Recent years have seen various political labels bandied about by media commentators, bloggers, Internet trolls and scolds, and even academics and public officials. What is progressive, conservative, liberal, libertarian, neocon, populist, left-wing, right-wing, or other wing? Or what counts as democracy, authoritarian, socialist? Do labels have any real meaning?
Books, newspaper and other print media expostulating ideology and political stance are aplenty— mostly saying “hooray for our side” as the 1960s song observed.
Speaking of the 1960s, The Wall Street Journal this past week featured a column by one Robert Blechman, a confessed “liberal” from that era, complaining about how that label, and his values, have been corrupted.
Before going into his analysis, some word usage discussion is appropriate.
Words can change meaning, or acquire multiple meanings. A word in one context can also mean different in another, even in the same sentence. Words can also be changed or varied by culture, or even by those who have control of the communication facilities or media. Language can be the tool of despots, in the manner which George Orwell described in his essay “Politics and the English Language” and demonstrated horrifically in his dystopian novel Nineteen Eighty-Four.
Definitions and usage of “liberal” takes up seventeen pages in the Oxford English Dictionary and reports multiple meaning, some inconsistent, for example:
5. a. Supporting or advocating individual rights, civil liberties, and political and social reform tending towards individual freedom or democracy with little state intervention.
or
4. a. Free from bias, prejudice, or bigotry; open-minded, tolerant; governing or governed by relaxed principles or rules; (Politics) favoring social reform and a degree of state intervention in matters of economics and social justice; left-wing.
In the present milieu, especially in the United States, the 4.a. definition is the commonplace adjectival definition. The 5.a. one is often used as the definition of “libertarian” or, oddly enough when considering literal meanings, applied to many avowed conservatives.
Blechman recounts his “liberal” activities as a young man in the ‘60s and early ‘70s and observes as follows.
• At some point, however, the liberal ideal of equality of opportunity gave way to a progressive program to give certain historically disadvantaged groups overt preferences in education and employment. This is the opposite of judging people based on their character. Liberalism somehow made a U-turn when it morphed into contemporary progressivism.

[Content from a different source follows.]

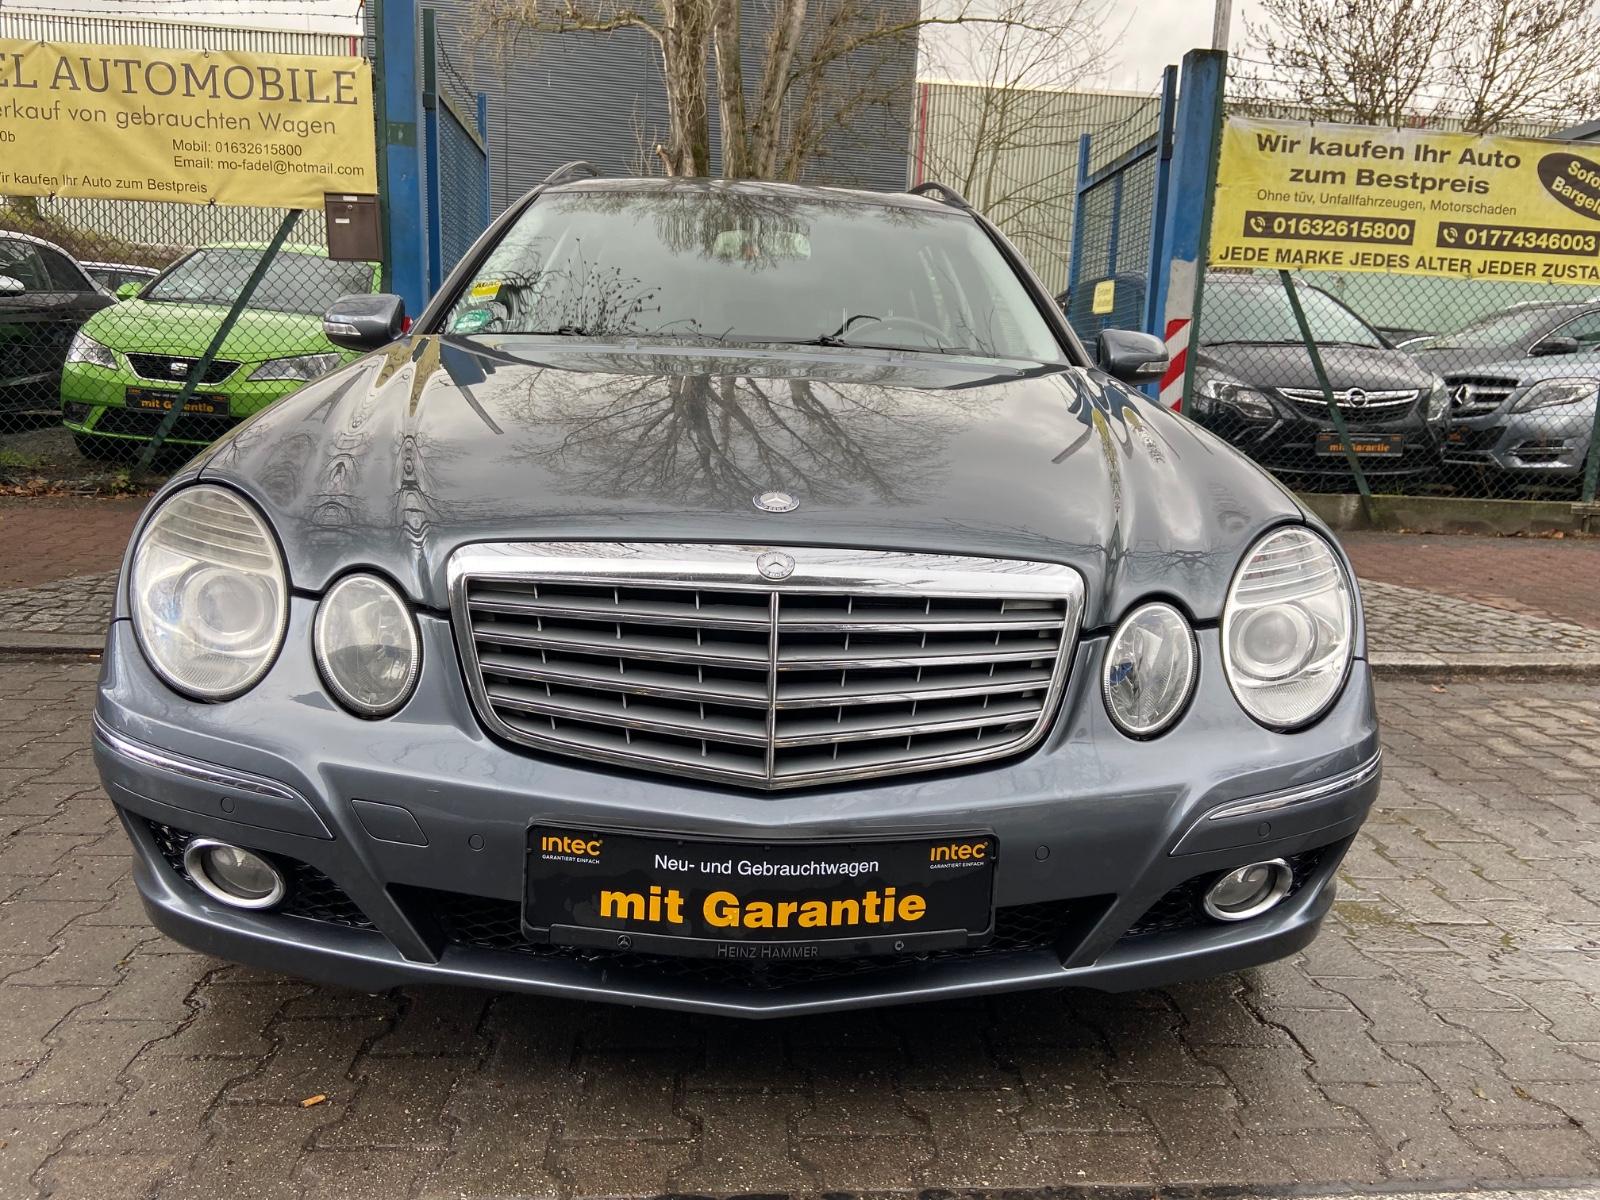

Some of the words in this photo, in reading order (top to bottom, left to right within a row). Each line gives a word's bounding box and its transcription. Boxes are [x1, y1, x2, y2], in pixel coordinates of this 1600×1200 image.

• Another core liberal belief of mine is that proper justice depends on due process—which includes a presumption of innocence. Yet in 2011 the Obama Education Department sent a “dear colleague” letter to colleges and universities, threatening to cut off federal funding unless the schools changed their procedures to make it easier to discipline students accused of sexual assault. As a result, many students were stripped of their rights to counsel, cross-examination of their accusers and discovery of the evidence against them. Those procedures were re-examined by the current secretary of education, a step that was bitterly criticized by progressives because it may make it more difficult to punish the accused—the price of all due-process protections.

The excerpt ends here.